> Given records:

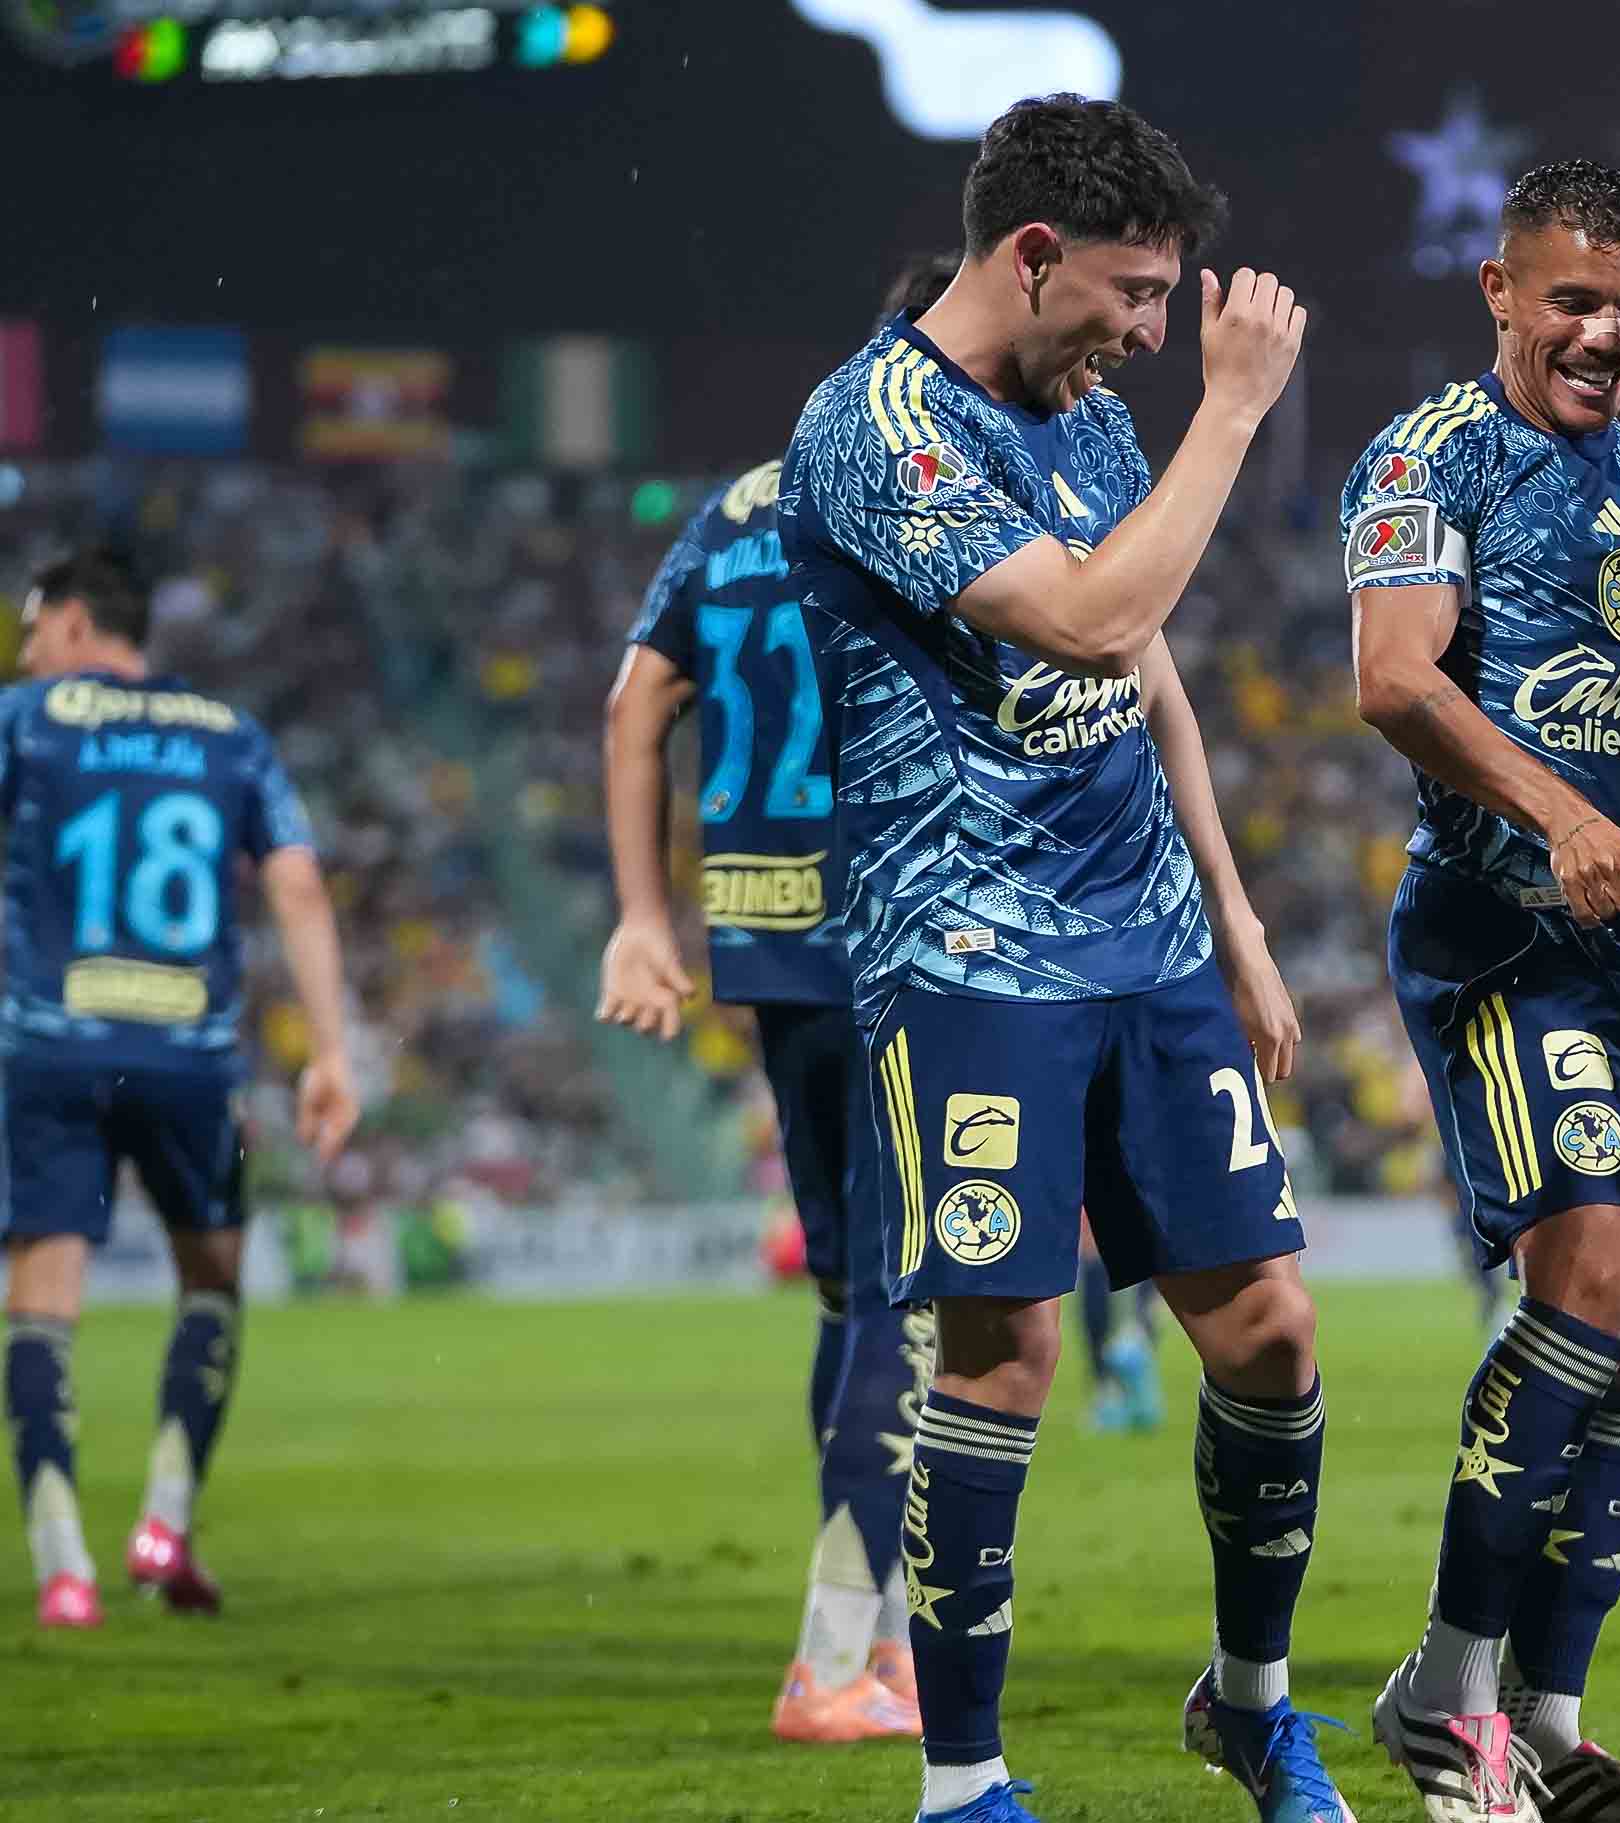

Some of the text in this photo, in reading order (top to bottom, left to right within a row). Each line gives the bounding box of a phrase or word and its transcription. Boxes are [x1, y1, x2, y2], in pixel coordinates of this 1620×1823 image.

[697, 600, 834, 825] 32
[56, 789, 225, 953] 18
[703, 867, 823, 914] BIMBO
[1259, 1479, 1310, 1499] CA
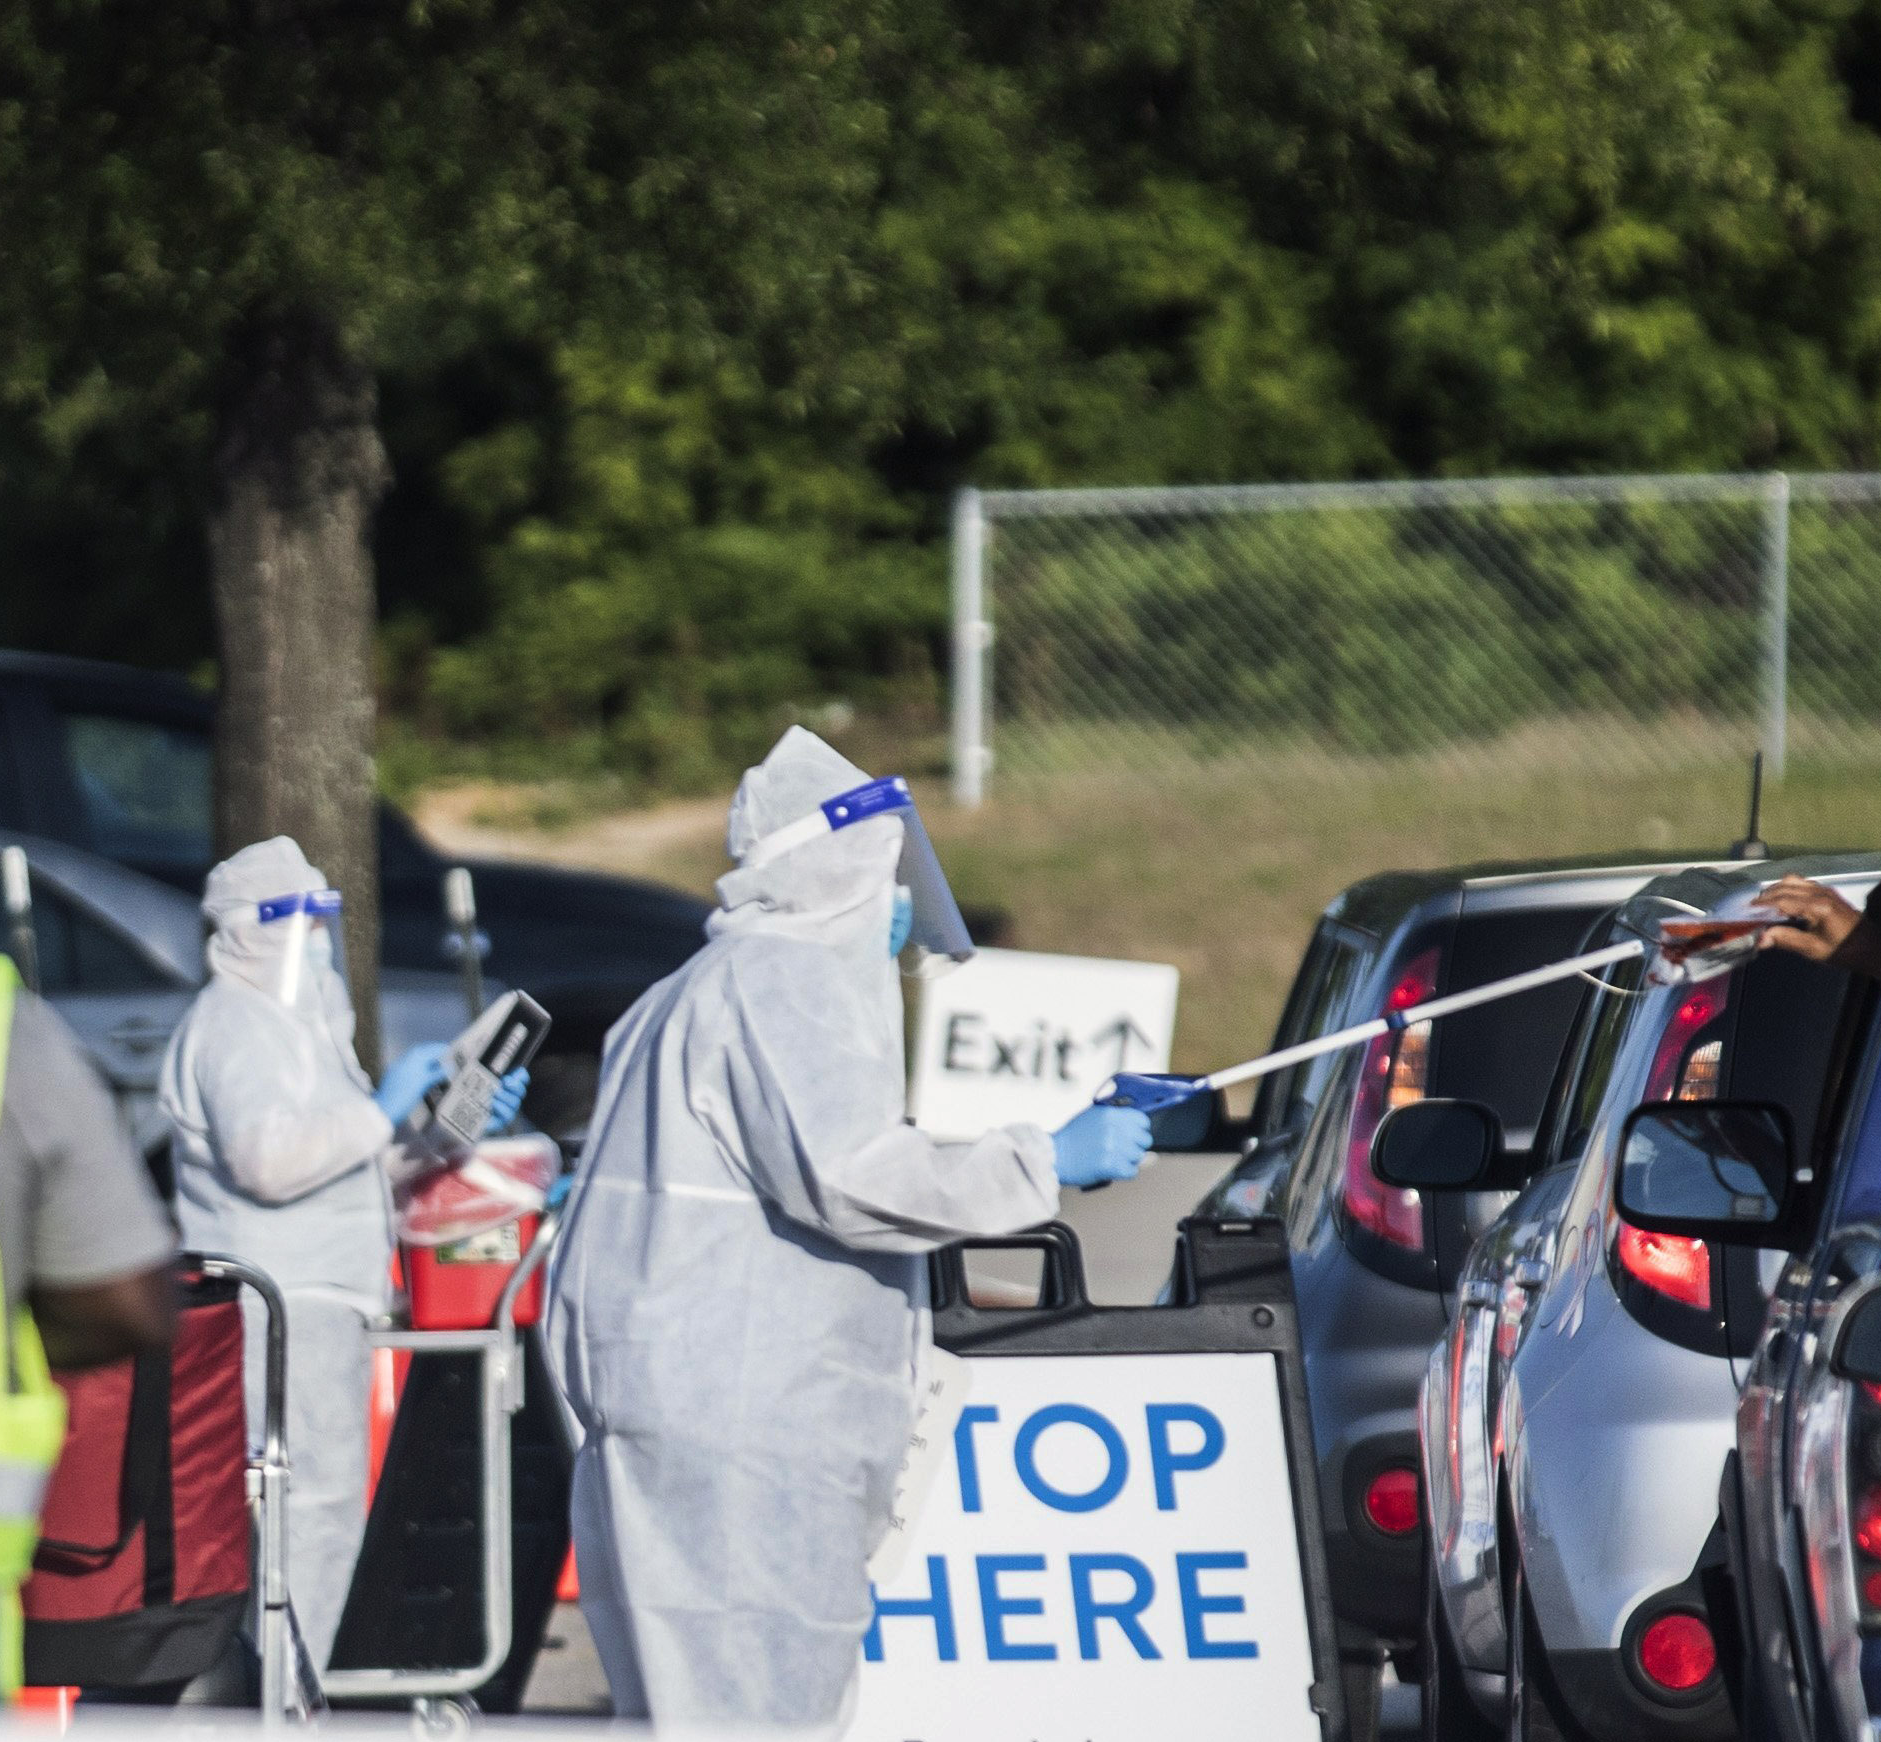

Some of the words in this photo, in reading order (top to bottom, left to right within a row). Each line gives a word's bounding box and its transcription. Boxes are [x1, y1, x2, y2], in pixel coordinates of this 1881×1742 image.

> Exercise:
Leaving the pictures out, reproduce the entries above exactly.

> Task response:
Some of the text in this photo, in reading order (top to bottom, left to right within a row). Each line gives the bounding box of a phrase or word and its transcription. Boxes are [x1, y1, x2, y2], in pixel coordinates of this 1620×1823 image.

[697, 600, 834, 825] 32
[56, 789, 225, 953] 18
[703, 867, 823, 914] BIMBO
[1259, 1479, 1310, 1499] CA

Some of the words in this photo, in reading order (top to bottom, left to right within a row). Each line gives a word's bounding box and its transcription. Boxes are [x1, y1, x2, y2], in pixel coordinates of this 1881×1742 image.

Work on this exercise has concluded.